Parents’ Needle and Thread Nightmares…
Crafty Beggar. That’s what my Nan used to call me. Usually this would coincide with me taking the mickey out of her for being slow to get up from the sofa, or doing a nifty ice skating impression behind her as she shuffled without her stick across our carpeted floor. I know, little bitch of a teenager. I did get nicer.
But oh Nan, were you ever wrong. I may have been crafty in the naughty sense of the word – but now I’m a mum that’s as far as my crafty talents lie. For mums are expected to be creative wizards and I’m not cut out for cutting things out!
Let me give you an example… in fact let me give you five:
1. I flip out when my three year old comes home to tell me, ‘Mummy, you need to make me a planet for school by tomorrow.’‘What?’, I scream, turning to Pinterest with an extra large slice of Lemon Drizzle to quell my anxiety.

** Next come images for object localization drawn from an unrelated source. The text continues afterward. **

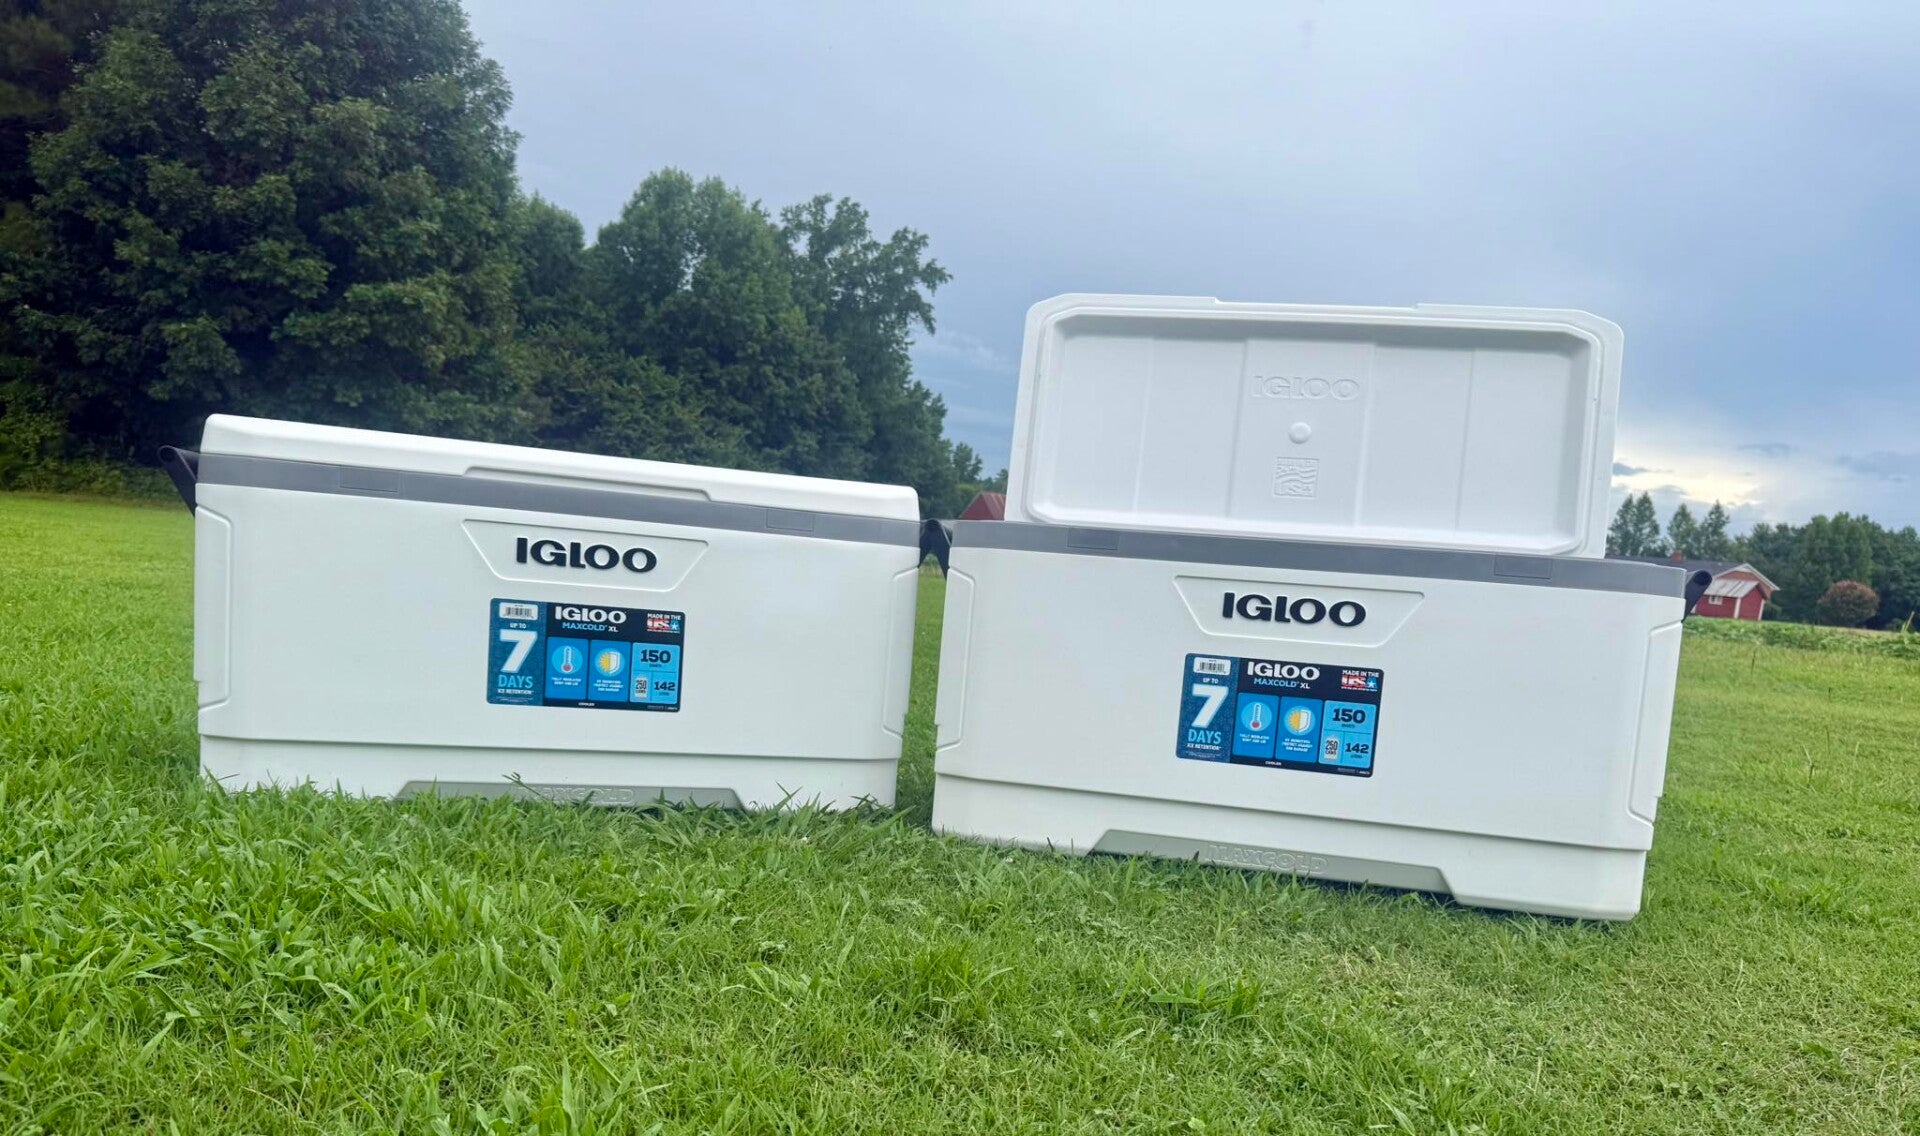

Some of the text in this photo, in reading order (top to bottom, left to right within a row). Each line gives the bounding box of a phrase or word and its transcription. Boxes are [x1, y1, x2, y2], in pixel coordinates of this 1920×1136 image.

[1252, 375, 1360, 400] IGLOO
[516, 537, 657, 573] IGLOO
[555, 606, 627, 624] IGLOO
[1222, 592, 1366, 627] IGLOO
[562, 622, 606, 631] MAXCOLD
[500, 628, 538, 673] 7
[641, 649, 671, 663] 150
[1247, 661, 1320, 680] IGLOO
[498, 674, 533, 689] DAYS
[635, 679, 647, 690] 250
[654, 681, 675, 691] 142
[1253, 678, 1297, 688] MAXCOLD
[1191, 683, 1229, 728] 7
[1332, 708, 1366, 724] 150
[1188, 729, 1222, 744] DAYS
[1325, 740, 1339, 751] 250
[1345, 743, 1370, 754] 142

Imagine my relief when my favourite website shows me I have all of the components required to make a mobile row of cardboard cut-out planets on a coat hanger. And relax.
2. Except now my seven year old has come home with the same, slightly up-scaled demand. ‘And it can’t be the coat hanger thing you did for him,’ she points at my son. Damn she has read my mind. I already know what Pinterest has to offer for mothers of artistic ability (which isn’t me)… So this is one hot potato that’s being thrown at someone else! ‘Sweetie,’ I begin my email to my husband, my crafty (in the sly sense) talents coming to the fore, ‘I’ve got a lovely surprise for you when you get home…’ I imagine him leaving the office on time, scouring the supermarket for the best Cava en route home, some langoustines, an aphrodisiacally packed bag full of mussels perhaps, my favourite tub of luxury ice cream. I smile like the Cheshire Cat. I am so skilled at turning this around. Not only have I secured an amazing supper, I now also have a free weekend as hubby has agreed to spend the time with our daughter working on their master plan – aka dried flower arranger’s oasis, wooden kebab sticks and plasticine. Yes, even this is a stretch too far for my imagination.
3. Did I tell you, Nan, about the time I sewed the Union Jack flag wonkily on the white T-shirt for my daughter’s summer show?She only complained about it for the entire summer holiday.
4. Then there was the time at the tender age of thirteen, when I spent 12 months carving a piece of wood into a Number Nine in my CDT (Craft Design and Technology) class at school. The beautifully smooth and shiny Number Nine was a Christmas present for my parents.It just wasn’t quite the freestanding letterbox, doorbell complete with fully working circuitry, or intricately carved Golden Eagle conjured up by some of my peers – but it was a lovely little number, even if there was no reason for making it except that I liked the number nine. Needless to say, I declined the kind invite to raise my game to the level of attending the class for GCSE.
5. Then there is the fact that I would tremble at the site of the sewing machine in Mrs Ruddle’s Textile classes. I cringed as she talked of the risk of our beautiful teenage fingers becoming part of the fabric. I panicked when my bobbin fell out. I screamed when the thread wouldn’t go through the eye of the needle. And I cried when I pricked myself with those shitty little pins that viciously waited for me in the haberdashery box.
But when it comes to cake… now we’re talking.
So Nan, all is not lost.
I’ll whip you up the carrot cake of your dreams. Layers of cream cheese frosting that would reduce Nigella Lawson to black mascara rivers of tears, inspire Lorraine Pascale to do a celebratory jig on the table, and convince Heston Blumenthal to do away with his sci-fi apparatus for once and for all and get back to some good old common sense basics.
I’ll bake you mince pies with pastry so melt in the mouth you’ll be sending them to Waitrose and Duchy Organic (or HRH Prince Charles in person) begging them to change their recipes.
I’ll knock you up a sherry trifle to rival even Mary Berry’s berry merry one.
And I do a mean savoury too. My chicken and mushroom risotto would send Marco Pierre White cursing enviously into the stratosphere, and don’t even get me started on my embellishments to Gino from TV’s This Morning flat bread recipe. Nobody rivals Miss Pollyanna’s flat breads…
One slight minor detail. Obviously taking into account points 1) through to 5), we’re talking taste here. Not appearance. Definitely, not appearance.
So a note to school teachers far and wide: we parents are not all sewers, felters, knitters, pompom makers, stickers, gluers, (neat) cutter outers, visionary artists, potters, carvers, sculptors, sequin sticker onners and straight with a ruler. Please give us a Get Out Clause. Ask us to bake cake.
For all of your school plays are better when cake is a player; sugar guarantees an energy-fuelled, stage fright-less production, bigger rounds of applause from the audience and chilled out spot light technicians. There is never a greater planetary lesson to be learned than a demonstration to the children through the degustation of an orbit of cake pops.
So Nan, I’m afraid I never remained much of a Crafty Beggar after all. Still, I make a bloody good rustic cake. Thank goodness you always taught me the importance of substance over style!